Does your Faith get you thru?

TruBlu

DIS Veteran
Joined
Mar 21, 2006
I was so encouraged by an answered prayer today. I just wanted to share. I am in so much pain this morning that I am afraid I'll end up back at the emergency room today. I was feeling very discouraged. I sat down and prayed (begged) for encouragement. I closed my eyes, opened my Bible, flipped through the pages randomly, pointed at the page and opened my eyes... the title of the section that I had pointed to was "Jesus heals on the Sabbath". Encouragement granted.:goodvibes
 
Oh Honey... I am offering a prayer for you as soon as I finish typing..

I am not as good as my DH is with the faith thing, but I do pray and you are on my list...

Hugs
 
cfs has a very high rate of suicide( i think do to frustration , no cure or really much treatment and lack of medical help)...if it weren't for my belief in and help from the Bible, i might not be here now in all honesty. while i know there was a bigger reason why Jesus healed people in his day, i also know he has that ability to do so under his kingdom and so i won't be sick forever...that really helps me keep it in perspective sometimes
 
Im a firm believer that God can show you signs.
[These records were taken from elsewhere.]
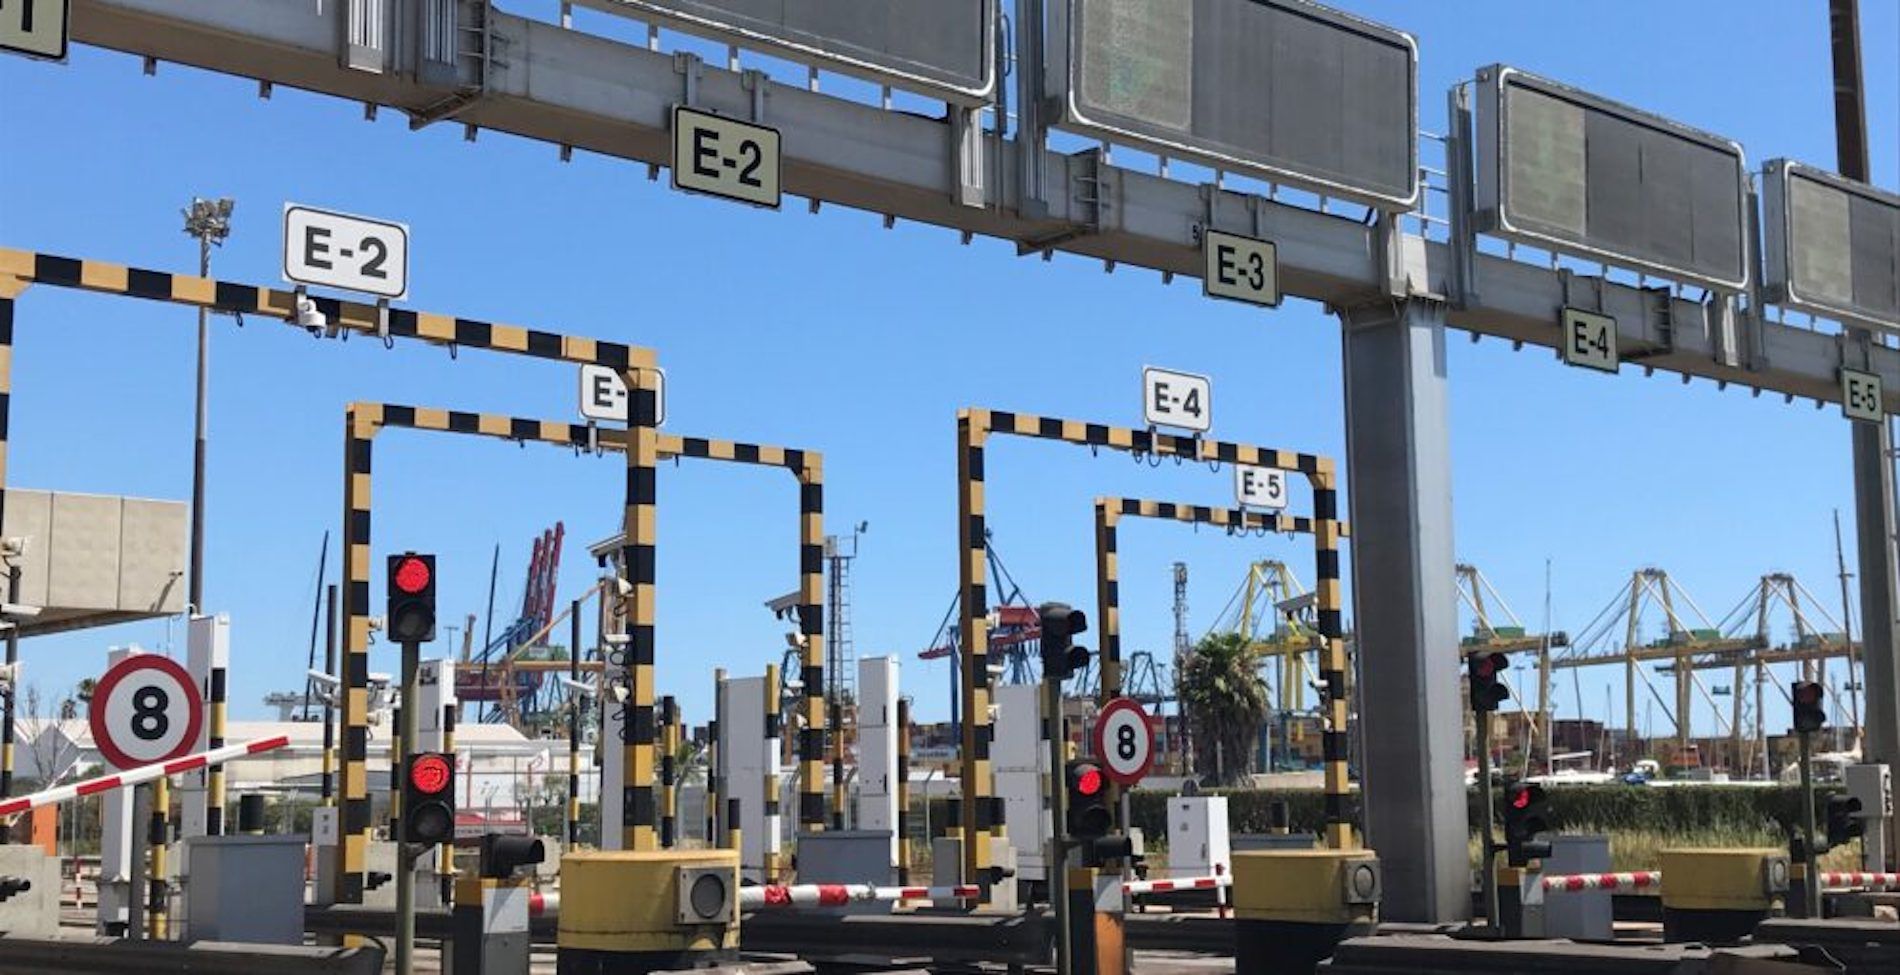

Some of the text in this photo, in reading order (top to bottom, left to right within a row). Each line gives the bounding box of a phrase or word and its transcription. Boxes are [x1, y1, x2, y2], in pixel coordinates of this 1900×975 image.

[694, 127, 761, 187] E-2
[304, 225, 387, 279] E-2
[1218, 245, 1263, 290] E-3
[1574, 321, 1609, 359] E-4
[594, 375, 626, 407] E-
[1154, 382, 1201, 419] E-4
[1850, 380, 1876, 411] E-5
[1243, 471, 1280, 499] E-5
[131, 685, 168, 740] 8
[1117, 724, 1135, 760] 8
In 1999 , after 5 surgeries to remove infected mesh in my belly, they had to leave it open. The nurses had to come twice a day to pack and repack it. You could put a bowling ball in it, it was so large. My nurse made me look at it so I could fight harder. I screamed and sat on our deck crying. I prayed "God I do not think I can get thru this, please show me that You will pull me thru it" When I opened my eyes a hummingbird was at my nose and I had to look crosseyed at it. It went to the left then to the right then back to the center then took off. I knew God had sent that precious hummingbird. 2 and 1/2 years of nurses twice a day and it is finally closed, not without a horrible immune system, but basically what I am saying is without my faith I know I would not have survived the bacterias and everything. And I thank Him everyday. My prayers go out to you.:grouphug:
 


I'll share an experience that I had with you where faith definitely got me through. My DS (now 10) is disabled. He has a very rare neurologic condition. When he was a baby, he was (and still is) extremely developmentally delayed. I had a very difficult time understanding why God would make a child suffer so. He could barely move until he was 14 months. I chose to doubt the existance of a higher power. I thought there was not a possibility that God would make my son suffer. I just happened to have a meeting with my church leader a short time before Christmas when my son was 1 1/2. I told him of my doubts. He told me to pray and I would find an answer. I prayed and asked for proof that someone was listening. I asked for a sign (now it seems so ridiculous). On Christmas day, my son stood and walked. When I saw this little boy, who some said may never walk, stand and walk, I knew that was my sign. Faith has gotten me through every step of the way with my son. Without it, I don't know where I would be.
 
I'll share an experience that I had with you where faith definitely got me through. My DS (now 10) is disabled. He has a very rare neurologic condition. When he was a baby, he was (and still is) extremely developmentally delayed. I had a very difficult time understanding why God would make a child suffer so. He could barely move until he was 14 months. I chose to doubt the existance of a higher power. I thought there was not a possibility that God would make my son suffer. I just happened to have a meeting with my church leader a short time before Christmas when my son was 1 1/2. I told him of my doubts. He told me to pray and I would find an answer. I prayed and asked for proof that someone was listening. I asked for a sign (now it seems so ridiculous). On Christmas day, my son stood and walked. When I saw this little boy, who some said may never walk, stand and walk, I knew that was my sign. Faith has gotten me through every step of the way with my son. Without it, I don't know where I would be.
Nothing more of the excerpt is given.